Thomas scowled, his plan foiled. As Sarah continued to struggle and fight, Thomas reached his hands around her throat to silence her cries. Her eyes went wide and blank, unseeing, staring into the heavens. Then, with a vicious twist, he broke her neck.
“I had only a moment to change the final memories in her pretty little head to indict her betrothed. I vanished just as you flailed through the brush to find her frail, human body on the banks of the creek. I went directly to William while you extracted those final memories. What horror it must have been, to see yourself murder her. The rest just fell nicely into place, after I showed her brother the memories of what I had witnessed Sabre do to his beloved sister in a fit of jealous rage. He doubted me at first. Until he saw her withered body laying by the creek and his pet, Sabre had absconded.”
The lights surrounding the yard sputtered and dimmed as a raging flurry stormed around us. Sparks like tongues of fire lashed at Thomas as William shoved Sabre away. In a hail of fury, William slammed Thomas to the ground and pinned him with his weight.
“Why?” William’s voice barely had strength enough to force out the word. “Why!” he screamed through shattering sobs into Thomas’ face.

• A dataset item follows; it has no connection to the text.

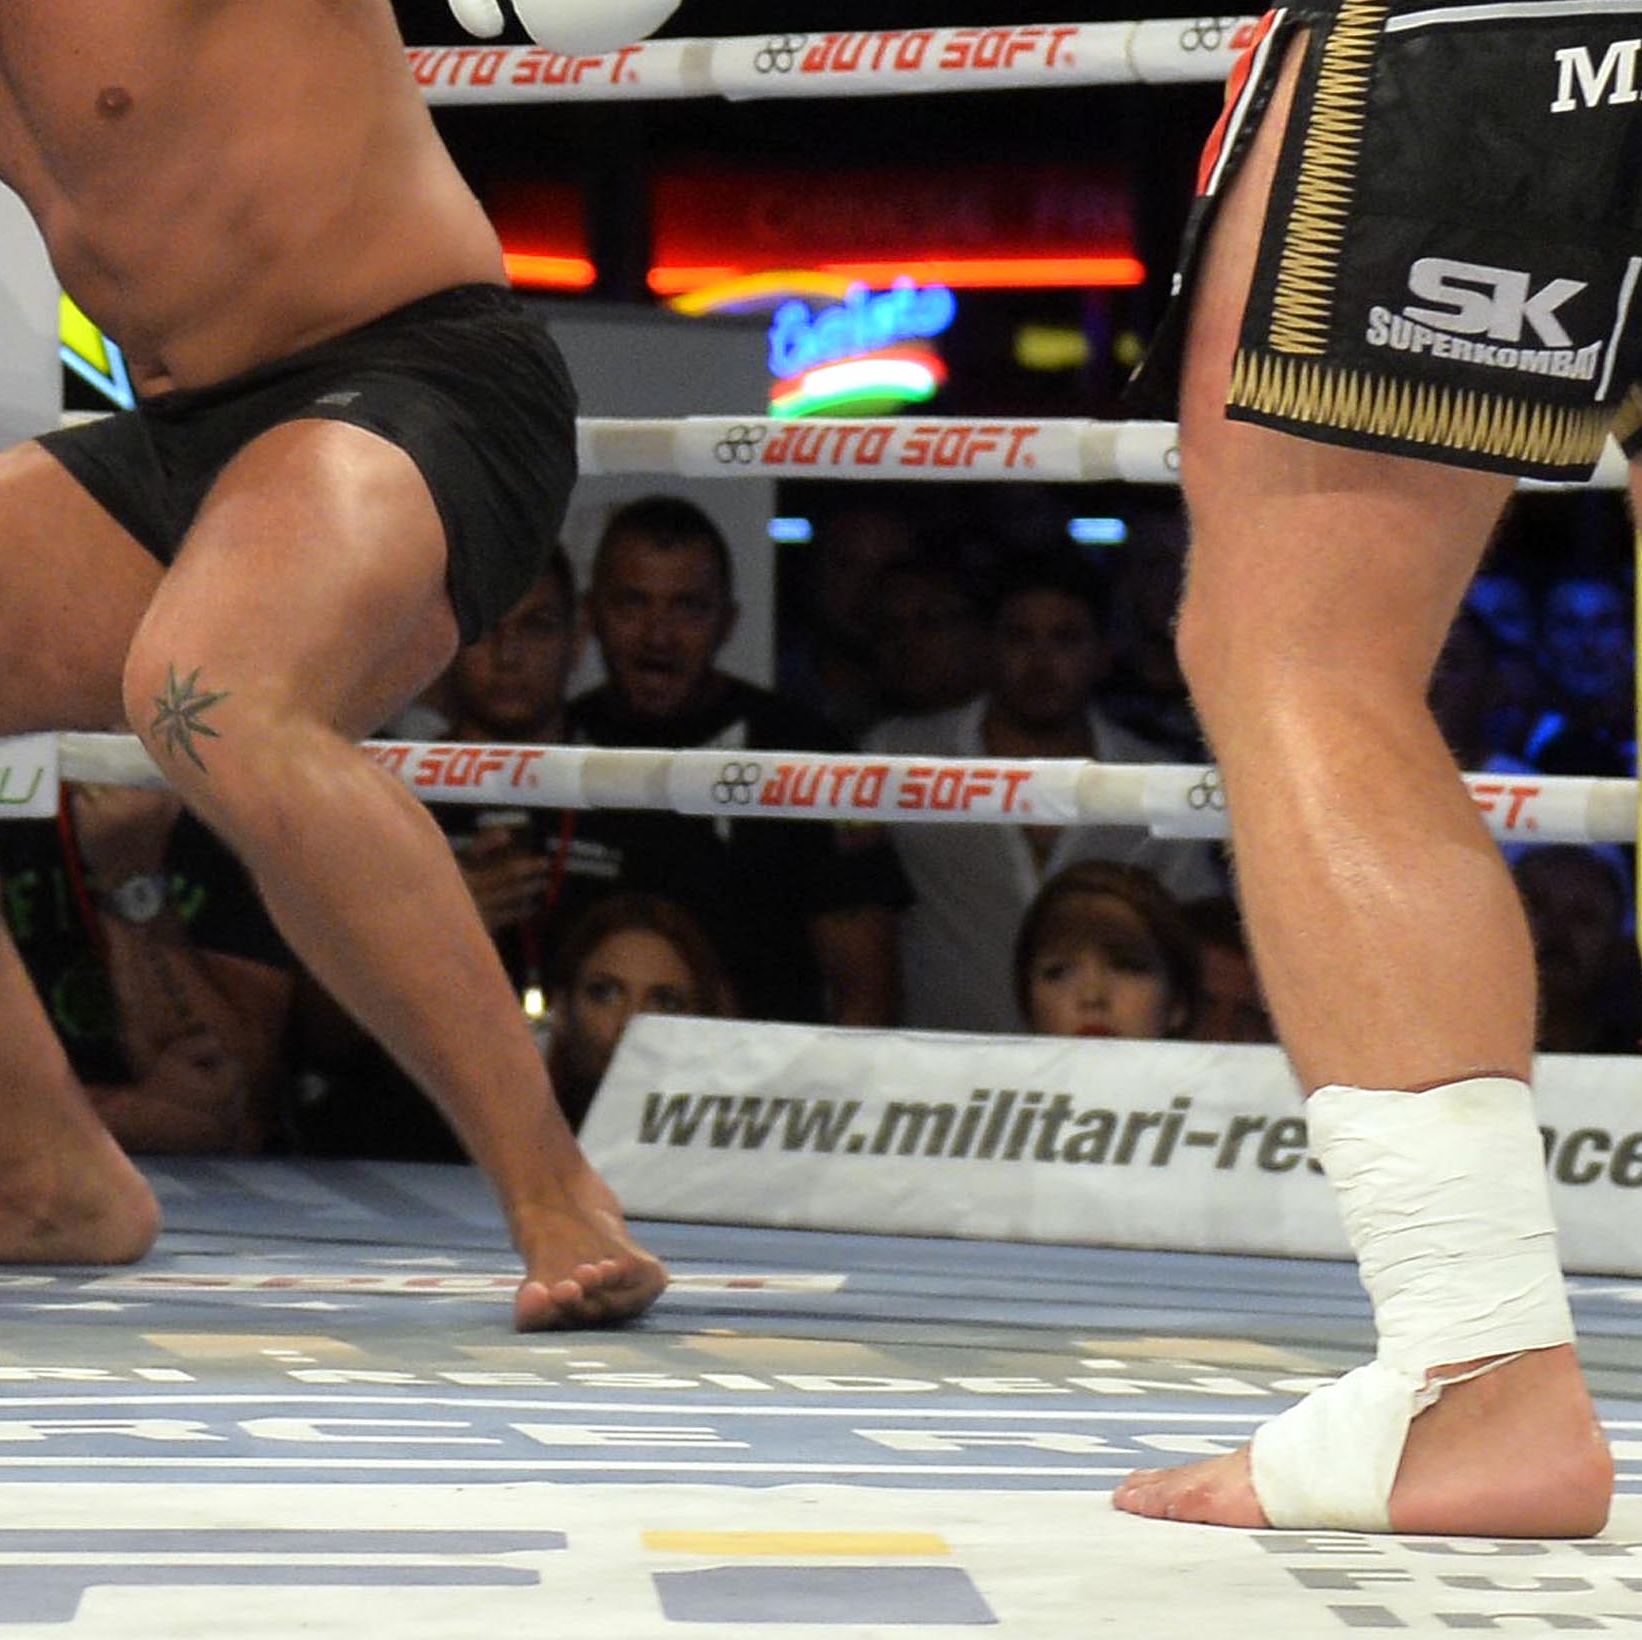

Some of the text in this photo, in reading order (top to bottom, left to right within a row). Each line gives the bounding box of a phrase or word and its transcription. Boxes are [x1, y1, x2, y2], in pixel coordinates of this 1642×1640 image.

“Simply because I wanted her. And she wouldn’t have me. If I couldn’t have her, I’d be damned if
he
would. He would only have made her life miserable. But she refused to see the truth I showed her, true and plain. And why shouldn’t I blame him for her death? If he had stayed out of her life, I’d have won her heart.”
“She was my sister,” William crumpled Thomas’ shirt in his fists and pounded his head to the ground with each syllable. “I have hated the one heart that was truest. And all because of your lies.” William continued to mutter incoherent words that sounded like a heartfelt declaration. After a moment, he shifted his weight off the other Wraith and hauled him to his feet. But Thomas took advantage of the liberty, and swirled into a blazing, buffeting fire. William’s foundering energy attacked the other Wraith and the two shifted randomly from solid to ethereal, and stages between both.

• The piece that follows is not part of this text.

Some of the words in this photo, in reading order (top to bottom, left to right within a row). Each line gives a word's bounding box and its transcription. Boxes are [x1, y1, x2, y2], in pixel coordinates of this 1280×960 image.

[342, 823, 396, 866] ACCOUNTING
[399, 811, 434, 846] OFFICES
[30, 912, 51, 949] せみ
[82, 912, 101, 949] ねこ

The Rephaim broke into another brawl with the Caphar as only spectators. Like a microclimate storm confined to this one, small patch of ground, they savaged each other. Nick backed me towards the garage, his arms wide to shield me. Thomas whirled between us and snatched the knife and taser Nick had drawn for protection. He turned on William with primal roar, thrust the knife deep into William’s chest and ripped it out again. But William’s anger was dauntless, and even with a mortal wound, he launched himself at Thomas.
A storm of Rephaim spun around us, igniting the air with electric ire. A sudden crack, like cloud to ground lightning, charged the air, and out of the storm, William fell to the ground and Thomas disintegrated to nothing. Sabre phased to William’s side and cradled his old comrade in his arms.

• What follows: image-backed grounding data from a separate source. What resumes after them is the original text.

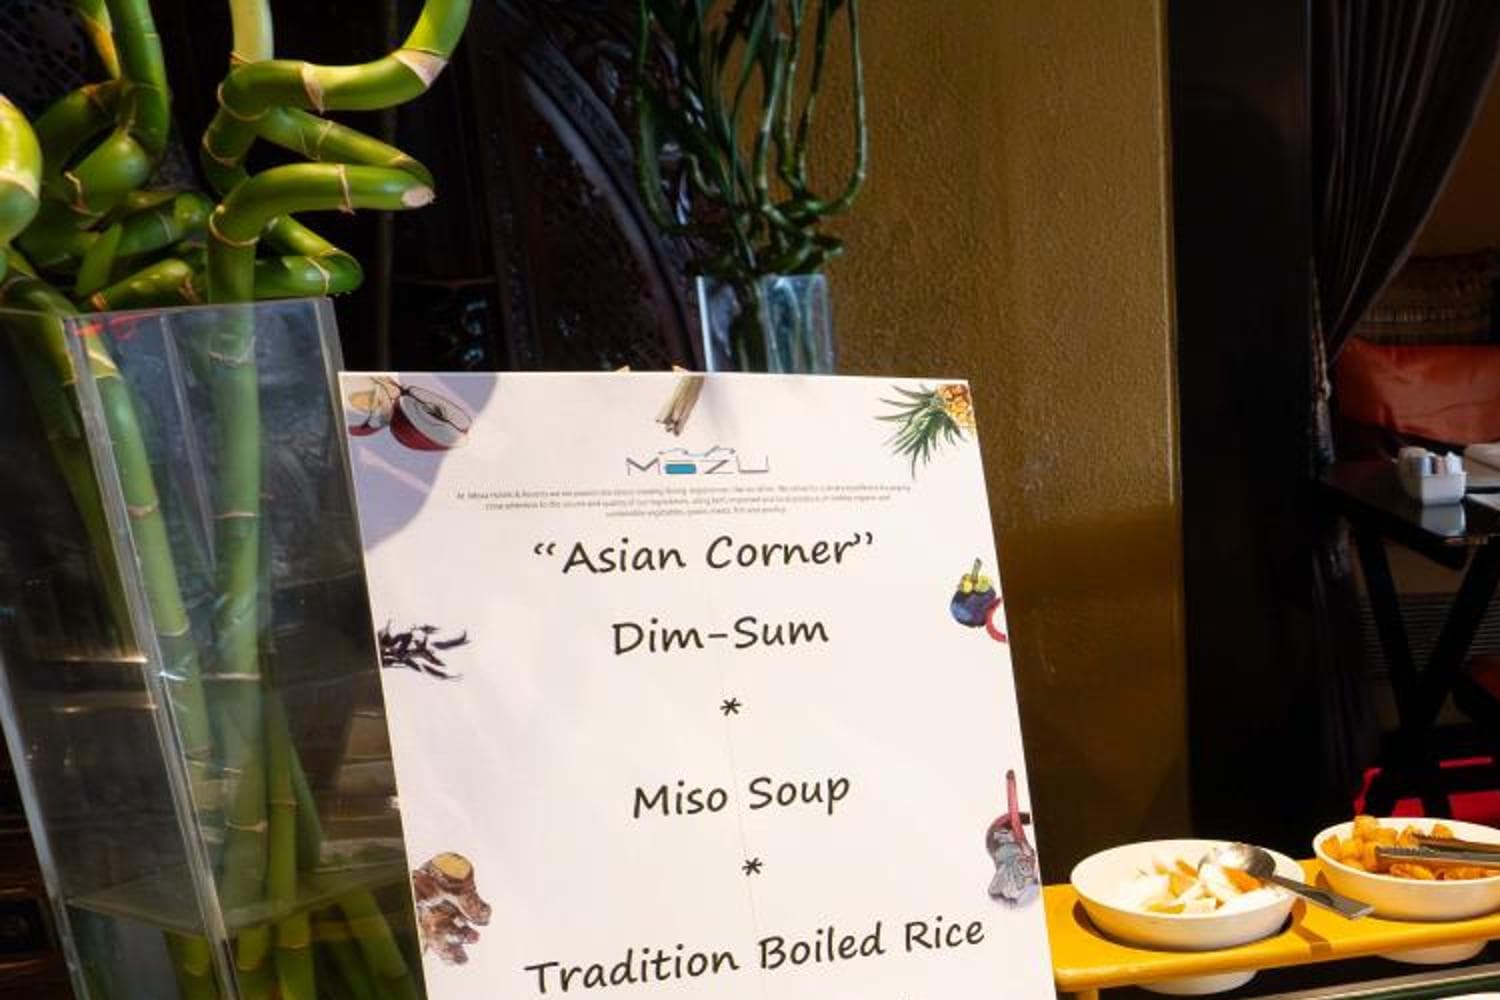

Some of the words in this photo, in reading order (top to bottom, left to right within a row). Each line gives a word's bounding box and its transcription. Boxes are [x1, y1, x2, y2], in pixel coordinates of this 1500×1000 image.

[612, 615, 829, 656] Dim-Sum
[633, 780, 728, 819] Miso
[749, 777, 850, 816] Soup
[524, 943, 740, 995] Tradition
[759, 921, 886, 971] Boiled
[904, 915, 985, 954] Rice

“I didn’t,” Sabre choked out as he clutched William’s shirt in his fist. I stepped forward but Nick held me back. I balled his shirt in my fists and pressed my head to his shoulder. The almighty Sabre was broken.
“I know, old friend. You were right.” William’s words were breath and moan. “I’ve been a fool all these years. Believed—all his lies. I should—have known better. I should have believed in you. I am—so sorry.” It was time for the truth. Time for Sabre’s amnesty.
“Don’t speak. You need to phase. We will talk as old friends, once you are well,” Sabre encouraged.
“No,” William’s voice came out as a quiet breath. “I’m tired now.”
“It’s just the shock.” Thomas must have gotten a shot off with the Taser. Sabre’s voice held a note of desperation and some of those rarefied Sabre tears glistened down his cheeks.
“No,” William repeated. “I am tired of this world. I am tired of the death and destruction. I am tired of the chase that was built on a lie.”
“I truly loved her,” Sabre admitted. “I love her still.”
“I know.” William’s breaths were fading, weak and shallow. “Forgive me, old friend. For turning your life into a war over something you did not do.”
Sabre’s brow crinkled in thought, perhaps to remember the words I’d used when he begged my forgiveness after letting me fall to my death. “I forgive you,” he choked out.